On the basis of the heuristic framework of the Vulnerability–Stress-Coping (VSC) model (e.g. Zubin and Spring, 1977 and Nuechterlein and Dawson, 1984), relapse in schizophrenia is a result of a complex interaction of vulnerability factors, stress, and (insufficient) protecting factors that could be located on the biological, psychological, and environmental or social level. In addition, before the full re-exacerbation of psychotic symptoms, prodromal symptoms (can) occur as an intermediate state. Thus, a wide spectrum of potential predictors or indicators, including prodromal symptoms, can be expected for relapse in schizophrenia. The objective of this paper was to summarize (mainly recent) evidence regarding predictors for relapse in schizophrenia, including prodromal symptoms, against the background of the heuristic VSC model. In addition, the data from a randomized controlled trial (RCT) on different long-term treatment strategies in first-episode patients conducted between 2000 and 2006 (Gaebel et al, 2007 and Gaebel et al, 2011) were re-analyzed.
Regarding the literature review, relevant publications published between 2005 and October 2012 were identified through a PubMed search using the following (combined) search terms: Schizophrenia OR psychosis; relapse OR exacerbation OR outcome OR course; predictors OR indicators; prodromes OR early warning signs.
The “first-episode study” (FES) was conducted at 13 university centers across Germany, as part of the German Research Network on Schizophrenia (GRNS, Wölwer et al., 2003 ), a nationwide research network funded by the German Federal Ministry of Education and Research (BMBF). After 8 weeks of (acute) treatment of their first episode in schizophrenia with randomly allocated double-blind treatment with risperidone or low-dose haloperidol in the so-called “acute study” ( Möller et al., 2008 ), patients were included in the subsequent long-term study (for details see Gaebel et al., 2007 ).
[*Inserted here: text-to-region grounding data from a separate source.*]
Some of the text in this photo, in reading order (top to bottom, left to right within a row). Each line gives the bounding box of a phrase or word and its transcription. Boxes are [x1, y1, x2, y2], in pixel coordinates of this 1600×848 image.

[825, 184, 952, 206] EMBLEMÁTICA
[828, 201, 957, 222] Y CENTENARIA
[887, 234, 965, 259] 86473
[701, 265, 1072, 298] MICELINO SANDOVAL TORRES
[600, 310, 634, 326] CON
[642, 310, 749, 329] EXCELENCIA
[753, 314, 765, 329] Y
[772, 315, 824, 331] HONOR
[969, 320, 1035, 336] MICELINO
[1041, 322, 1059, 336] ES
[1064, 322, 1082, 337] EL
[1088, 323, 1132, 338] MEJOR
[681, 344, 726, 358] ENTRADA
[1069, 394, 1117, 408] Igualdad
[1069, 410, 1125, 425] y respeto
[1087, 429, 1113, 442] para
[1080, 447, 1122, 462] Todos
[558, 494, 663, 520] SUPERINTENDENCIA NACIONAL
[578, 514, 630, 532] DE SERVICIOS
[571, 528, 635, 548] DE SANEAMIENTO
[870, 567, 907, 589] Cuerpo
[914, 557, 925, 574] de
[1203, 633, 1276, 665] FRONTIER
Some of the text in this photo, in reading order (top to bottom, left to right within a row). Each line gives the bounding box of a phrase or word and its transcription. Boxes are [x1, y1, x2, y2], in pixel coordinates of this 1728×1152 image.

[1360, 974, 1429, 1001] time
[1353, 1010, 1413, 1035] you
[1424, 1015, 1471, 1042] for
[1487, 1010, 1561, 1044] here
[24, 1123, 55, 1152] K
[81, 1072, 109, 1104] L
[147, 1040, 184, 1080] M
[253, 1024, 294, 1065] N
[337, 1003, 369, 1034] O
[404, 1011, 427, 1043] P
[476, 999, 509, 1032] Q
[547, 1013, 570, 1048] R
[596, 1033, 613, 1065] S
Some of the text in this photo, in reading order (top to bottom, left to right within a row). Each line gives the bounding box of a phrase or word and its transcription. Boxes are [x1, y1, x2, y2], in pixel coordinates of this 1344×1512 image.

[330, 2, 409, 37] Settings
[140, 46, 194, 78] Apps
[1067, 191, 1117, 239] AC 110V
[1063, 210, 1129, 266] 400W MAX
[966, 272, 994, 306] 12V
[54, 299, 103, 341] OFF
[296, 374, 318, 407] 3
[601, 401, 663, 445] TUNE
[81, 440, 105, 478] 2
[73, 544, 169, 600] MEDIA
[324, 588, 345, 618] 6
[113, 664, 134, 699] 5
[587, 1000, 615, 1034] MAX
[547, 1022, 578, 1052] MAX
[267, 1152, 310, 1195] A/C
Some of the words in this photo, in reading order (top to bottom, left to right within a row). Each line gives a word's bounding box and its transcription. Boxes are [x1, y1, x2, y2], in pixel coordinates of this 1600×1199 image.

In the first post-acute year of this two-year trial, patients continued with their formerly allocated, double-blind treatment (risperidone or haloperidol) and were compared regarding differences in relapse rates (primary outcome) and other measures of efficacy and side effects ( Gaebel et al., 2007 ). Because of the substantial drop-out rate in the acute study phase, the design was amended at an early stage by adding a “lateral entry” procedure that allowed first-episode patients who had completed acute treatment but had not participated in the acute study to be included in the 1-year maintenance study. Lateral entry patients were randomly allocated to double-blind treatment with risperidone or haloperidol at entry into the first study year. In addition, a psychological treatment study was performed during the 1-year maintenance phase; its results also are relevant for the analyses presented here. In five of the 13 study centers, patients were randomly allocated to psychoeducation (PE) for 8 weeks or to cognitive behavioral therapy (CBT; for more details see Klingberg et al., in preparation ) for 12 months. In the subsequent second treatment year, patients who were stable after one year on antipsychotic maintenance treatment (MT) were randomly allocated to a further year of MT with their former antipsychotic or to intermittent treatment (IT, stepwise drug discontinuation and early drug intervention in case of prodromal symptoms or early warning signs of a relapse; Gaebel et al., 2011 ).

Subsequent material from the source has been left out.